Ms Masanja left the US on Tuesday and flew back to Dar es Salaam after about two months at State-land, where she was undergoing arm-replacement.

She lost her right arm to thugs who held her down at her home in Shinyanga Region. Giving her testimony to the media, Kabula recalled how the unknown men attacked her in a night raid.

Apparently, the attackers initially demanded money from her family, but they didn’t have any. Her mother offered them the family’s bicycle instead, as it was their only item of value, she told AFP.

The thugs refused it and held down Kabula, hacking off her right arm to the armpit in three swipes, reports further said.

Before leaving with the limb in a plastic bag, the attackers told Kabula’s mother that another group of men would return to take her daughter’s organs. A threat that sounded so real, and still does.

“I feel bad because I still don’t know what they did with my arm, and where it is,’’ said Kabula.

“I also don’t know what benefits they derived from it,” she further told AFP.

Ms Masanja and other four children aged between 5 and 15 were fitted with the prostheses, thanks to the support offered by a charity known as the Global Medical Relief Fund, which was founded about 18 years ago to help young people from crisis zones get custom prostheses.

But of all the horrifying stories on albino attacks in Tanzania, it’s the story of 5-year old Baraka Cosmas from Shinyanga which prompted the founder of the charity, Ms Ellisa Mountani, to arrange for the prosthetics programmes.

Men broke into Baraka’s family home, knocked his mother unconscious and cut off his right hand with a machete, according to local media.

They did the inhuman act because Baraka has albinism, a condition that renders those affected mostly devoid of pigment in their skin, hair and eyes.

People (and animals – the disorder affects all). It’s due to the lack of tyrosinase, an enzyme that contains copper and is necessary for the body’s production of melanin.
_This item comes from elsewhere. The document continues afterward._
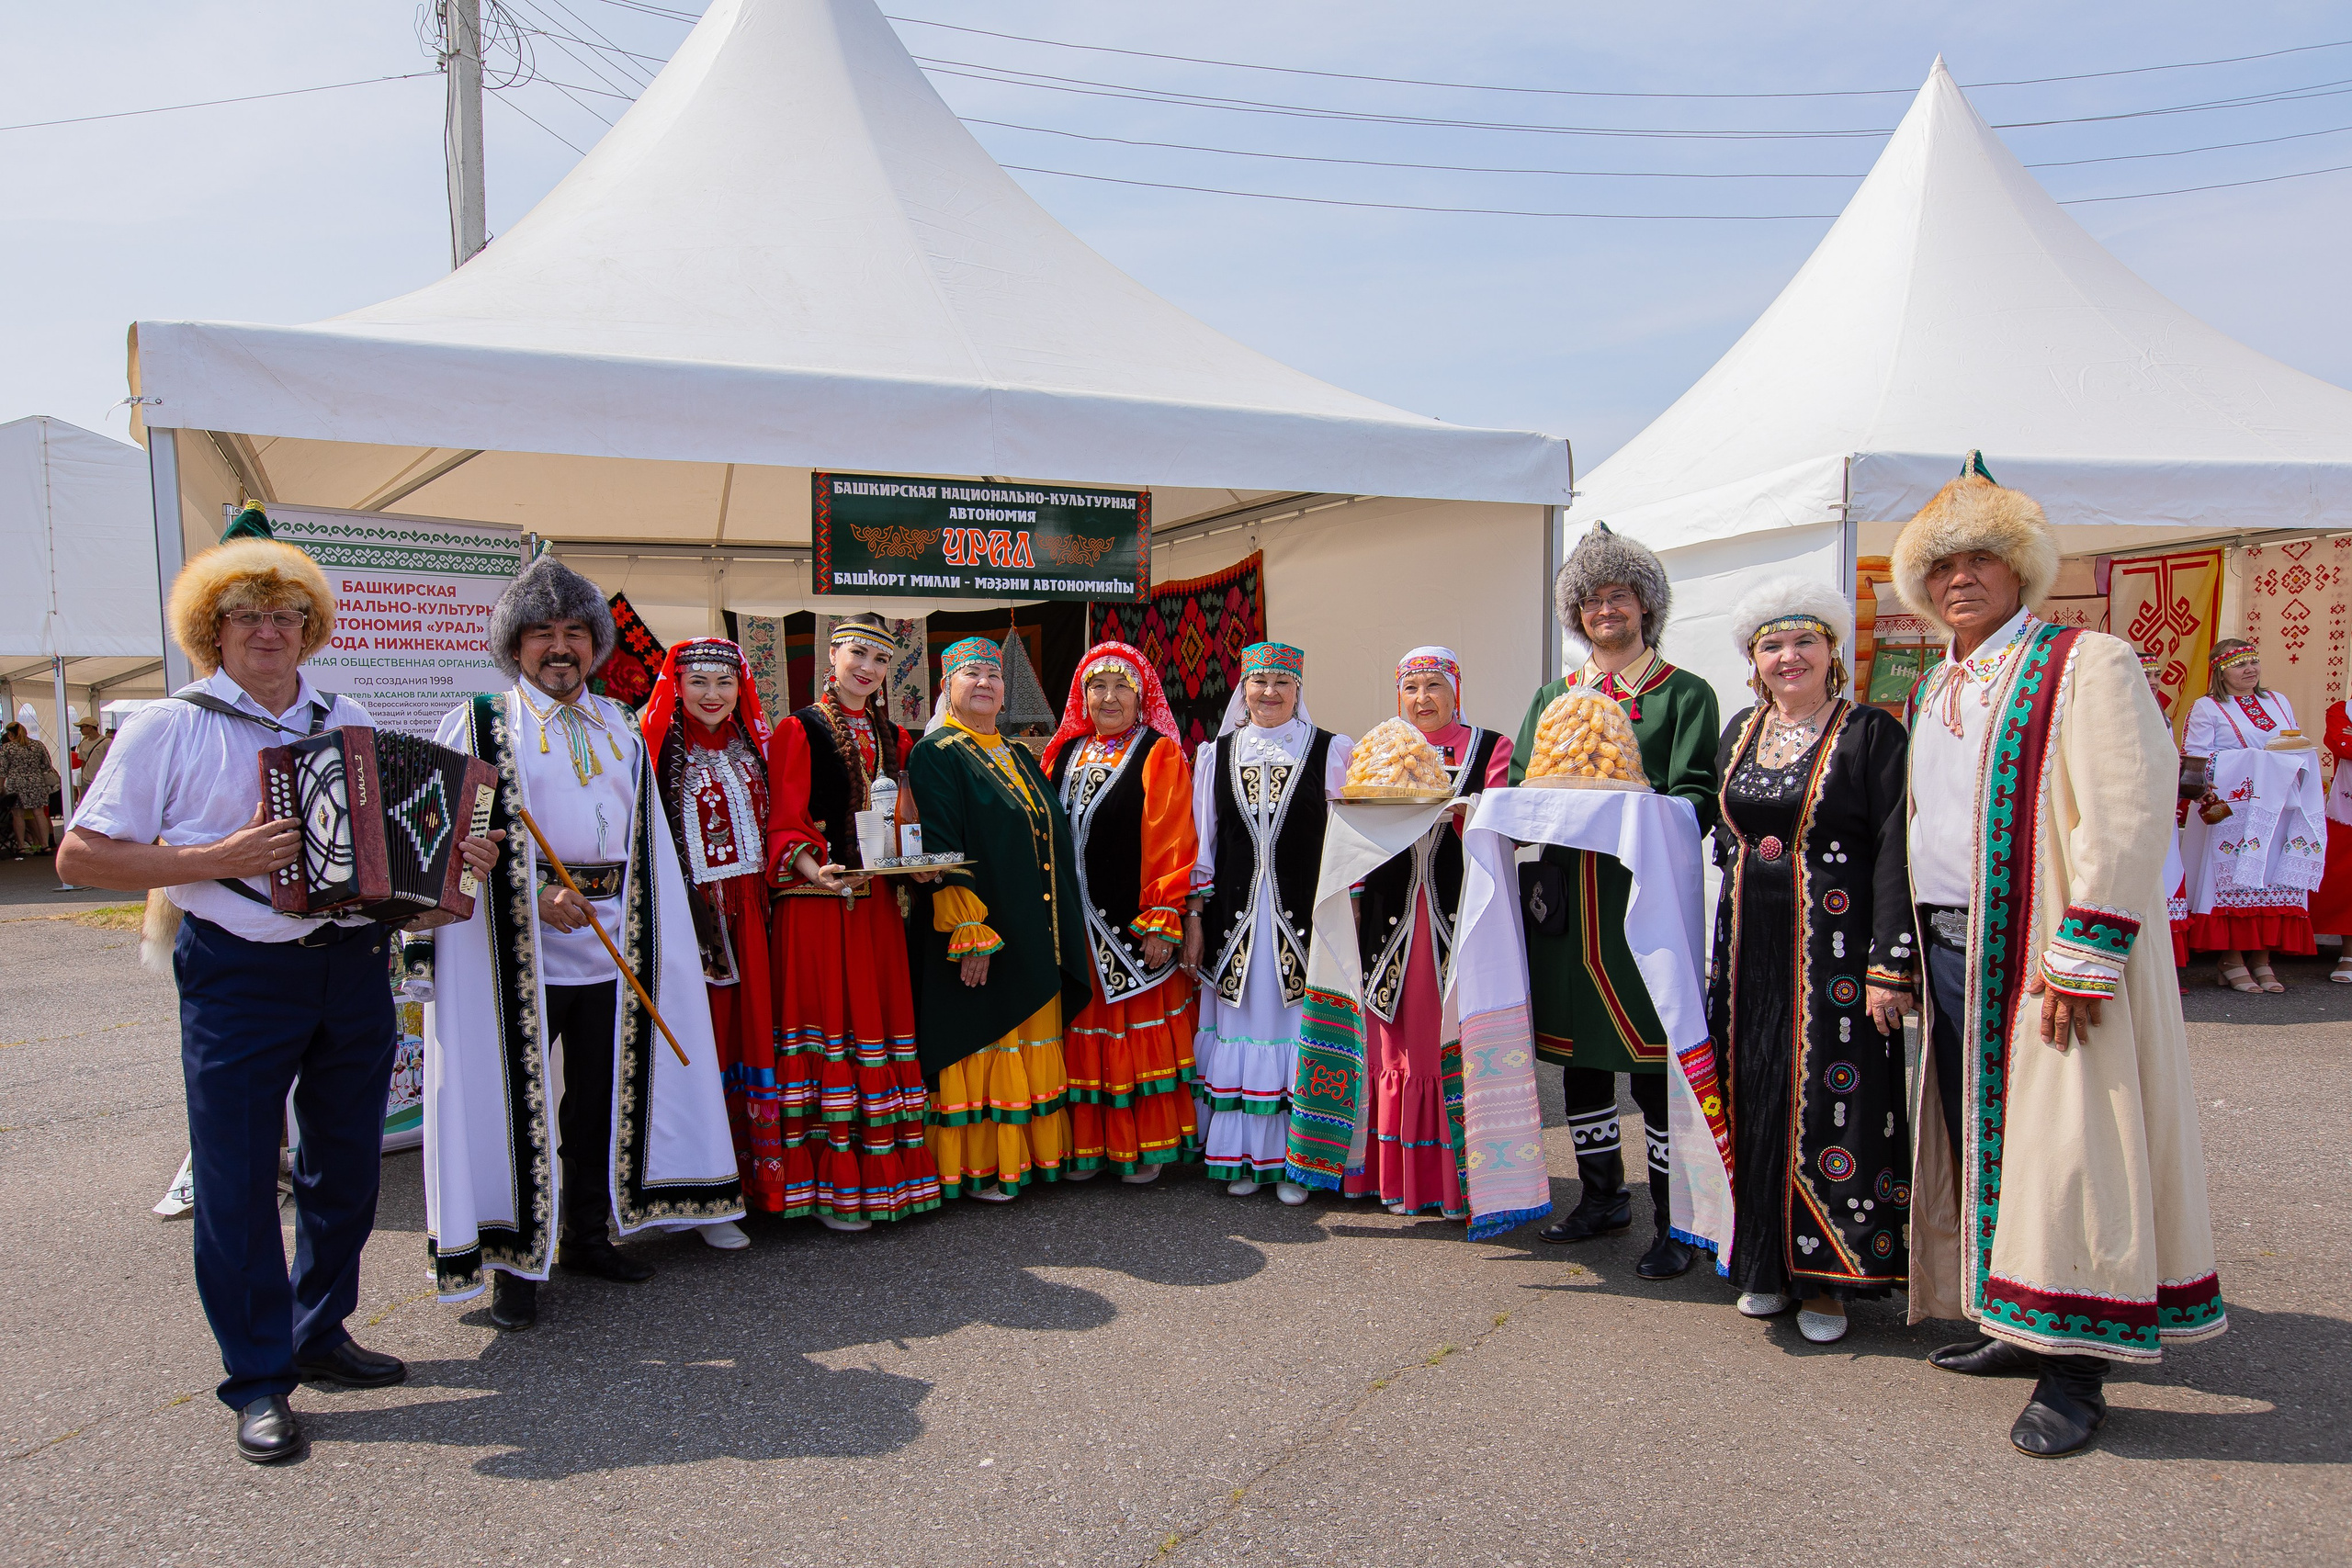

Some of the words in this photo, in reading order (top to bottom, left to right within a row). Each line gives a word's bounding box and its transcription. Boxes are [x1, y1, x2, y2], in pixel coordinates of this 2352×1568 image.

After reading about Baraka’s story, she reached out to a Canada-based group called Under the Same Sun that works on behalf of people with albinism in Tanzania.

Recently, Baraka was fitted with his prosthesis - and he poked at the flesh-coloured plastic right hand as it lay beside him on the examination table, AP said.

His atrophied right arm was barely able to lift the prosthesis, but that is to be expected - it will grow stronger once the prosthetic hand is in place, according to experts attending him.

Ms Mountani has been sheltering Baraka since he was attacked in March, and she wanted to help out the kid, together with others afflicted in the heinous attacks.

The New York resident provided housing about two hours away in the borough of Staten Island and organized all their daily, medical and travel need.

For Ms Masanja, she returned home and she is ready for school programmes. The other children will be returning in late September. And they’ll be back next year for new prostheses matching their growth, AFP reported.

Once the five children in the US are comfortable with their new limbs they will now be sent to the safe houses here in Tanzania run by the NGO, Under the Same Sun.

Human rights groups, some campaigners and international agencies have called for the protection of people with albinism all over the world, especially in some African countries where they are hunted for superstitious beliefs.

They recently warned of the risk of the rise in the attacks on albinos especially during this election season in Tanzania, where campaigns have kicked off for the civic, parliamentary and presidential seats.

At least 76 albinos have been murdered in Tanzania since 2000, with their dismembered body parts selling at around $600 and entire body fetching $75,000, according to United Nations experts.

The Tanzanian government outlawed witch doctors last year to try and curtail the attacks, but the new law hasn’t stopped the butchering.

In fact there has been a sharp increase in attacks in Tanzania and neighbouring Malawi, said a UN official recently, with Tanzania recording at least eight attacks in the past year. 

Albinism affects about one out of every 15,000 people in Tanzania, according to the United Nations. Anyone with the condition is at risk in the country, and people who have been attacked once, can be attacked again.